RECORDS SHOWN Start Marker

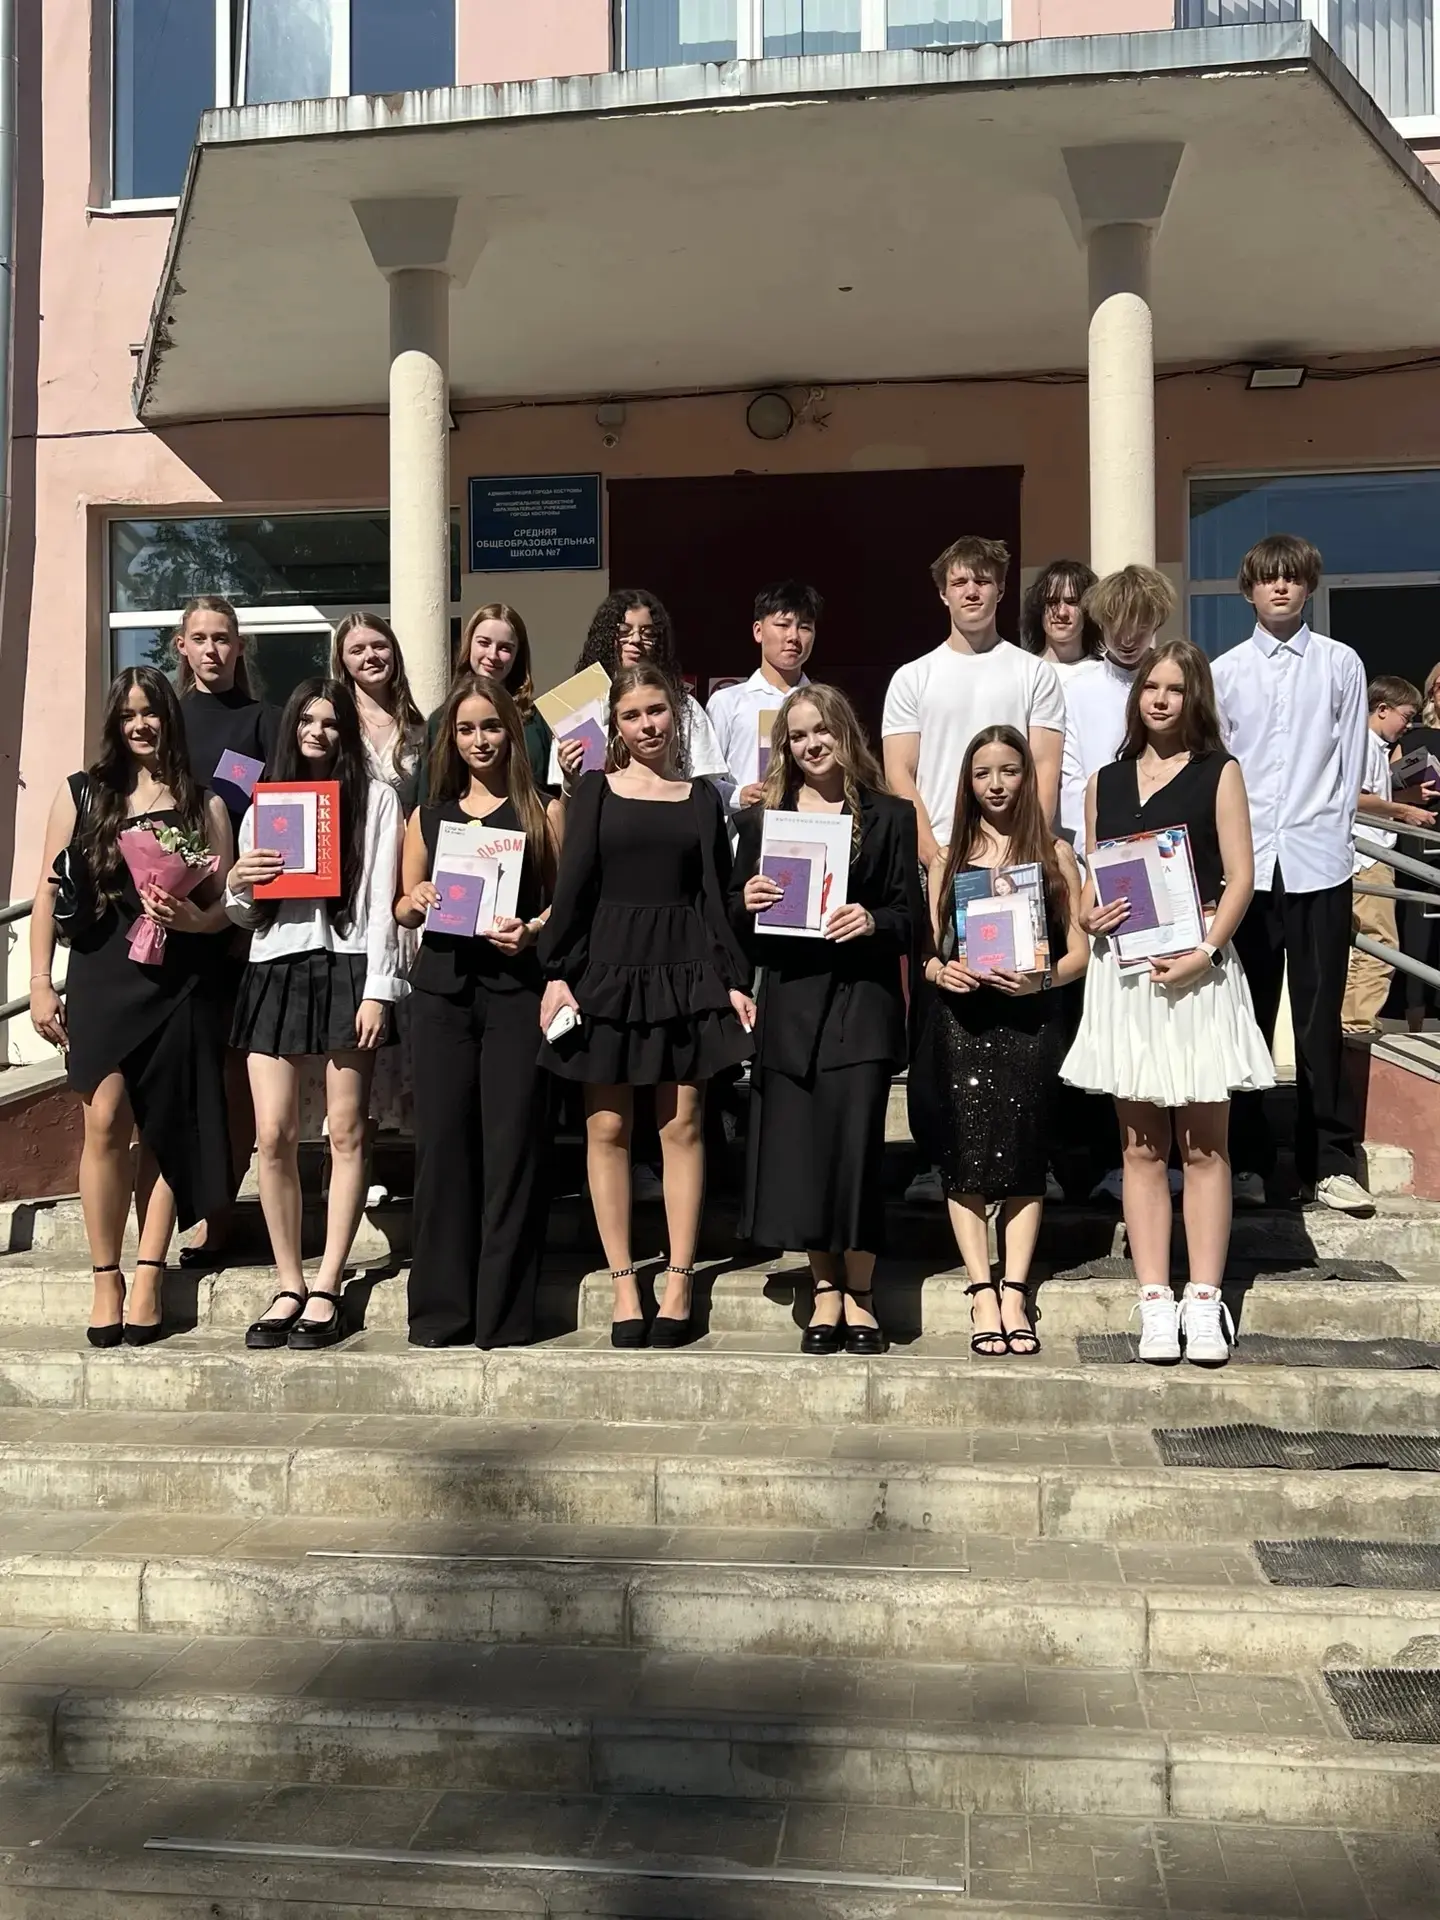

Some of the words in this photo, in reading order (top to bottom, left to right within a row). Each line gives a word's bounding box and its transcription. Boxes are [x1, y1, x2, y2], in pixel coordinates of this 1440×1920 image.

[513, 528, 557, 537] СРЕДНЯЯ
[476, 537, 595, 549] ОБЩЕОБРАЗОВАТЕЛЬНАЯ
[510, 548, 544, 557] ШКОЛА
[546, 548, 561, 556] №7
[476, 838, 523, 858] ЛЬБОМ

RECORDS SHOWN End Marker

Skip the pictures and output all entries exactly.

Some of the words in this photo, in reading order (top to bottom, left to right within a row). Each line gives a word's bounding box and its transcription. Boxes are [x1, y1, x2, y2], in pixel coordinates of this 1440×1920 image.

[513, 528, 557, 537] СРЕДНЯЯ
[476, 537, 595, 549] ОБЩЕОБРАЗОВАТЕЛЬНАЯ
[510, 548, 544, 557] ШКОЛА
[546, 548, 561, 556] №7
[476, 838, 523, 858] ЛЬБОМ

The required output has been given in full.